After acute ischemic stroke, accurate identification of the penumbra is critical to ensure that potentially dangerous thrombolytic treatment is directed only at salvageable tissue. Current MRI methods such as perfusion–diffusion mismatch can lead to an overestimation of the final lesion volume, and a recent study in Germany investigated whether measurement of the metabolic condition of brain tissue using blood-oxygen-level-dependent (BOLD) MRI could improve penumbra identification.

Geisler and colleagues assessed levels of deoxyhemoglobin in the cerebral capillaries and veins of 32 patients (mean age 65 years) with middle cerebral artery acute ischemic stroke, by quantifying the oxygen extraction fraction on T2'-based BOLD MRI within 6 h of symptom onset. The researchers anticipated that the real penumbra would show a signal loss, reflecting increased levels of deoxyhemoglobin. Follow-up was performed on days 1 and 5–8 post-stroke.
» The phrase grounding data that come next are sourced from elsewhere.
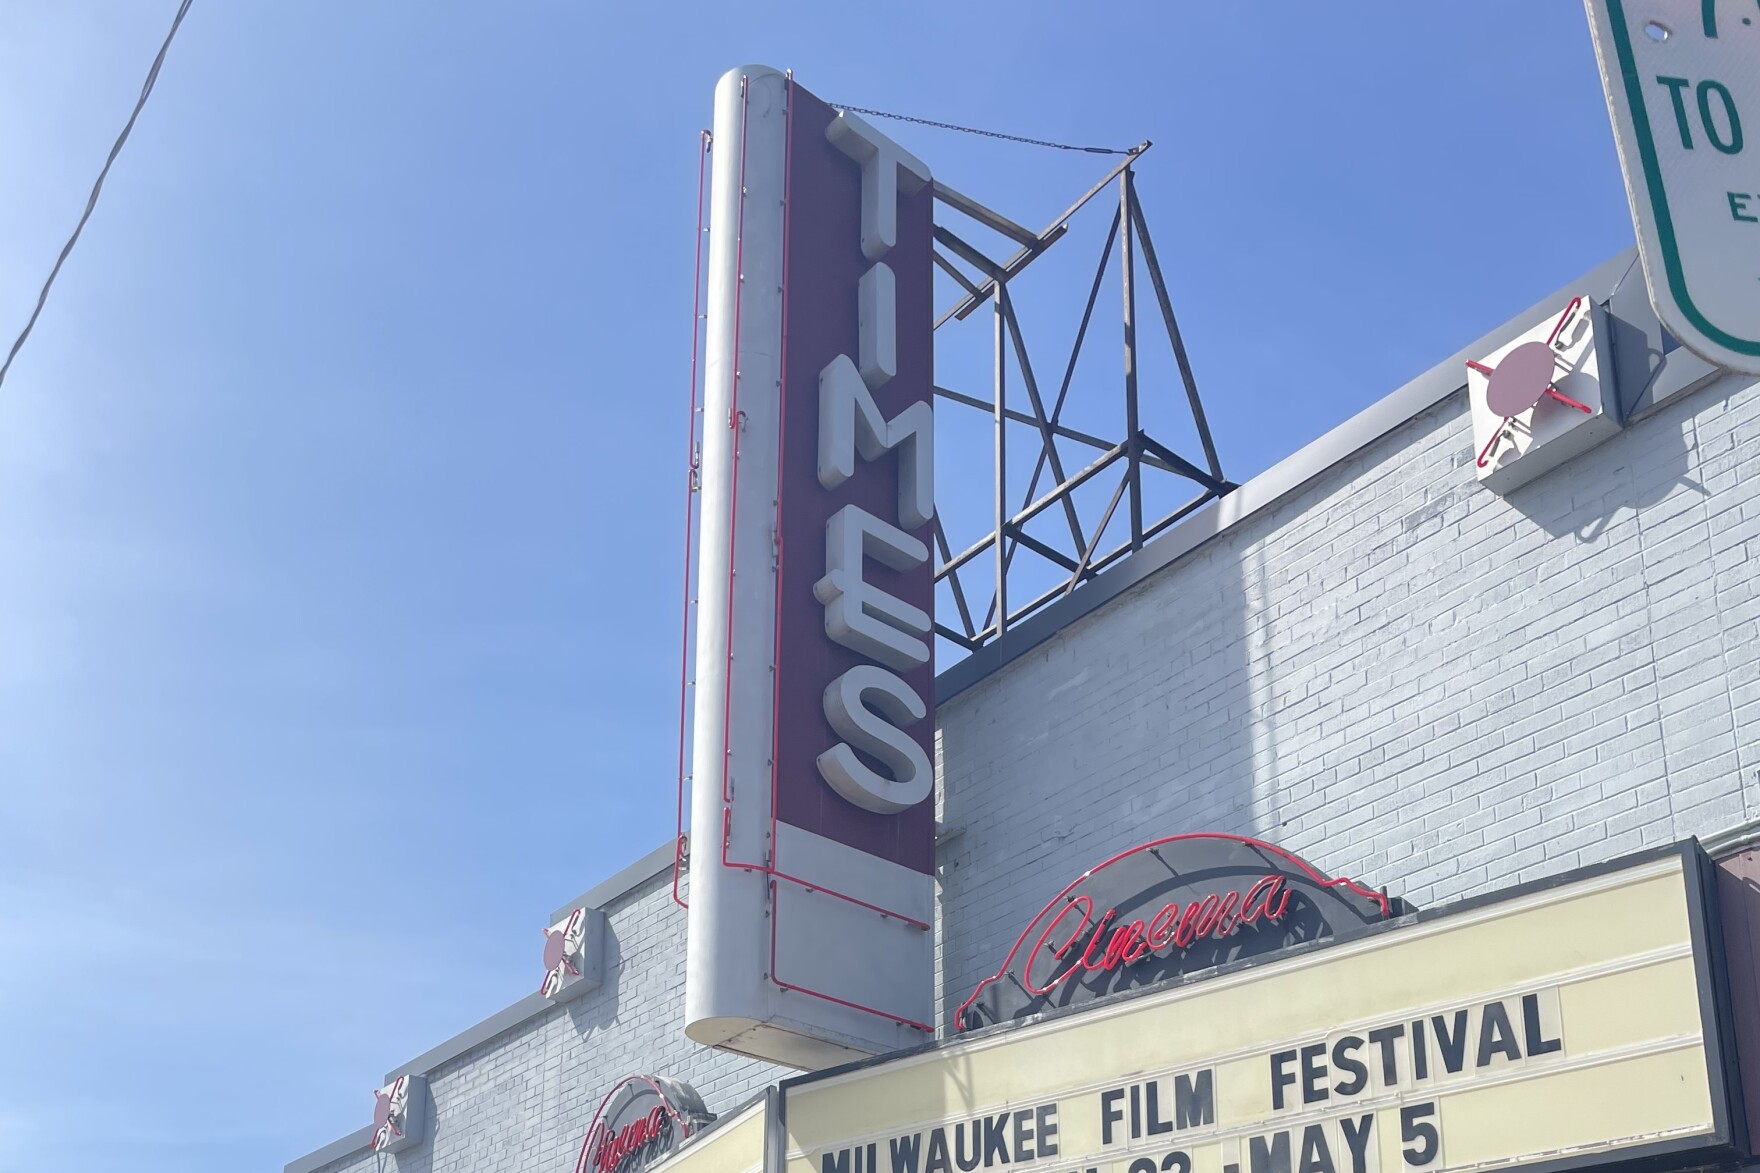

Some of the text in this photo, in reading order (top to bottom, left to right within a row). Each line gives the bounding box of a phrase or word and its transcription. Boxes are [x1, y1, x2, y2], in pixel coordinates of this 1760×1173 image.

[1656, 75, 1744, 155] TO
[814, 109, 933, 815] TIMES
[1024, 875, 1292, 995] Cinema
[1101, 1069, 1214, 1145] FILM
[1271, 993, 1562, 1110] FESTIVAL
[1400, 1101, 1439, 1167] 5
Compared with unaffected control regions of the contralateral hemisphere, a marked decrease was seen in the mean T2' signal intensity in both the presumed ischemic core (−15.7%) and in the adjacent region that later progressed to infarction (and represents the essential penumbra; −10.5%).
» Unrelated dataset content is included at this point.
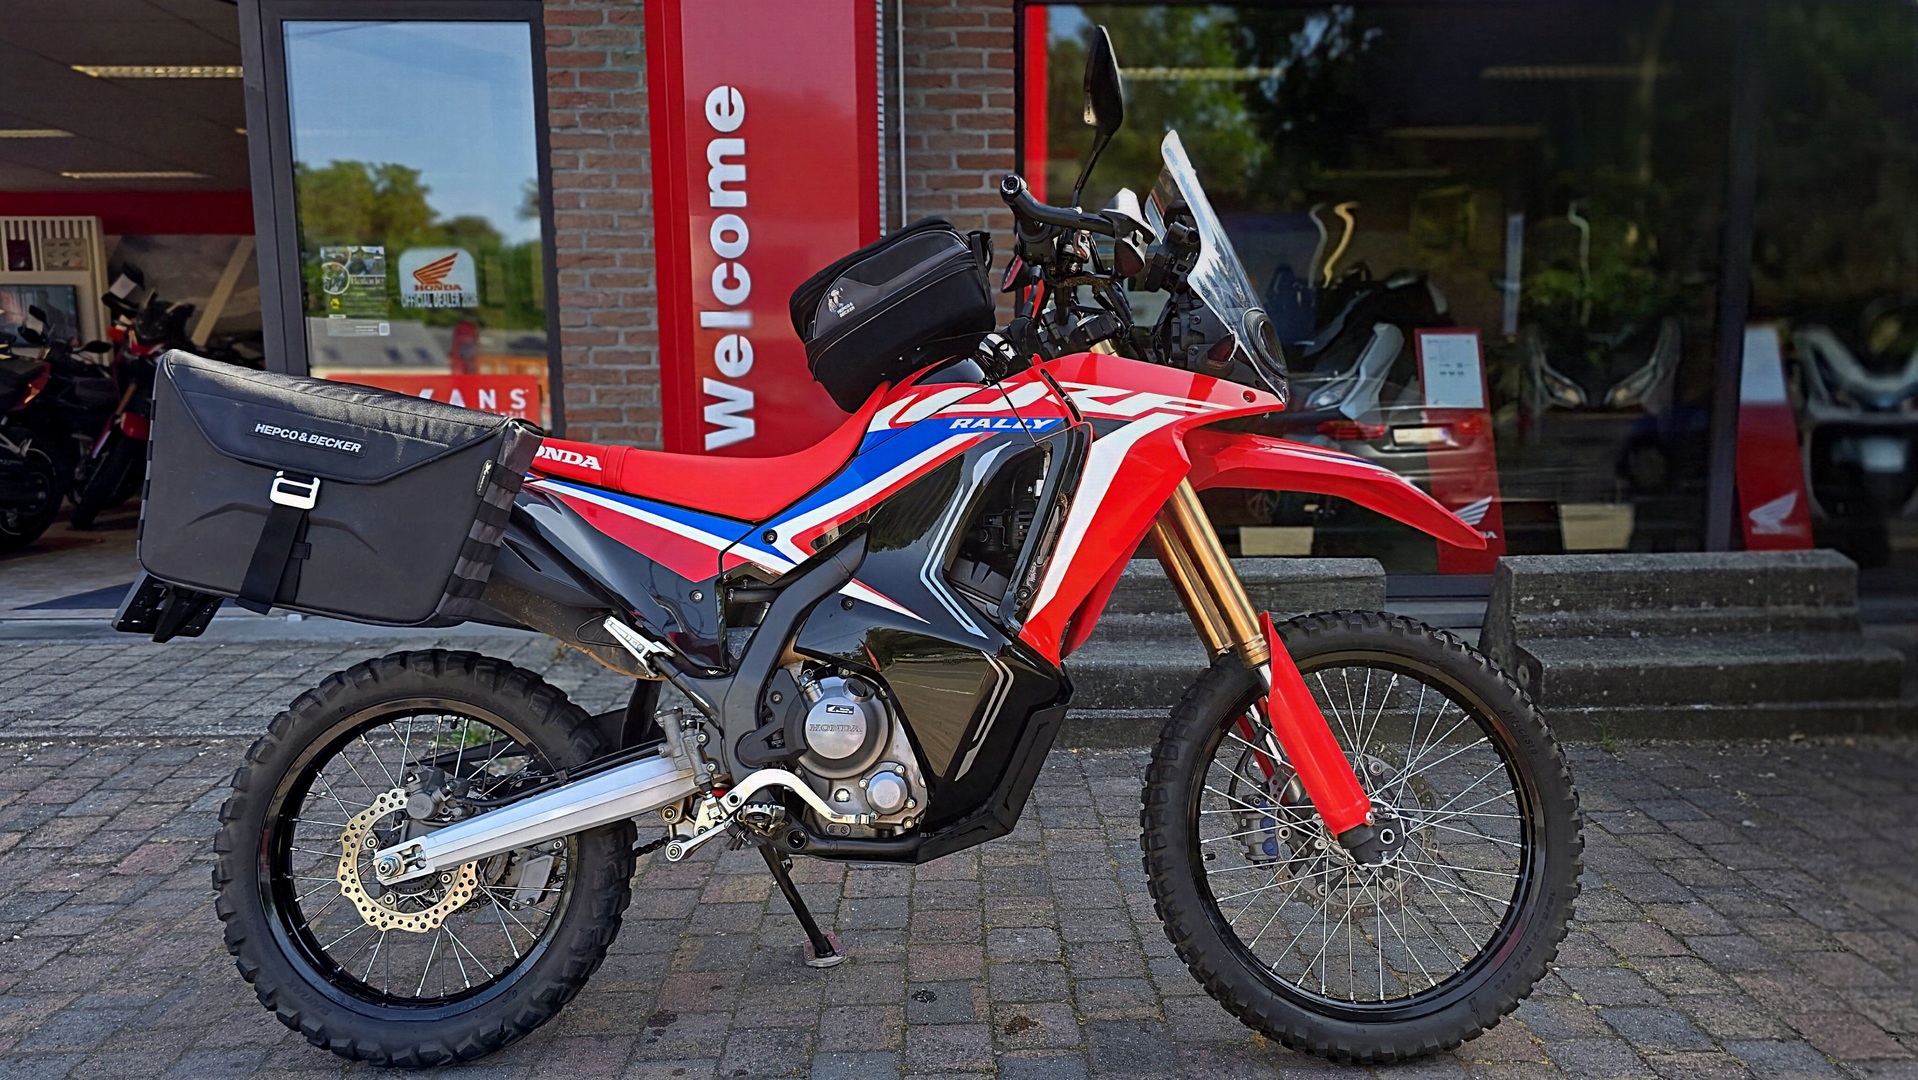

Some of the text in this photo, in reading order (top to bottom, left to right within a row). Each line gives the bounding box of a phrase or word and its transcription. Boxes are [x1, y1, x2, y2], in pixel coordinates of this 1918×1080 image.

The authors note that the ischemic core, in addition to infarcted brain tissue, might contain severely ischemic tissue that could be saved by timely recanalization. They propose that BOLD imaging in cases of acute stroke would provide an improved estimation of the real penumbra, and suggest that future studies should be conducted to confirm this approach's clinical value.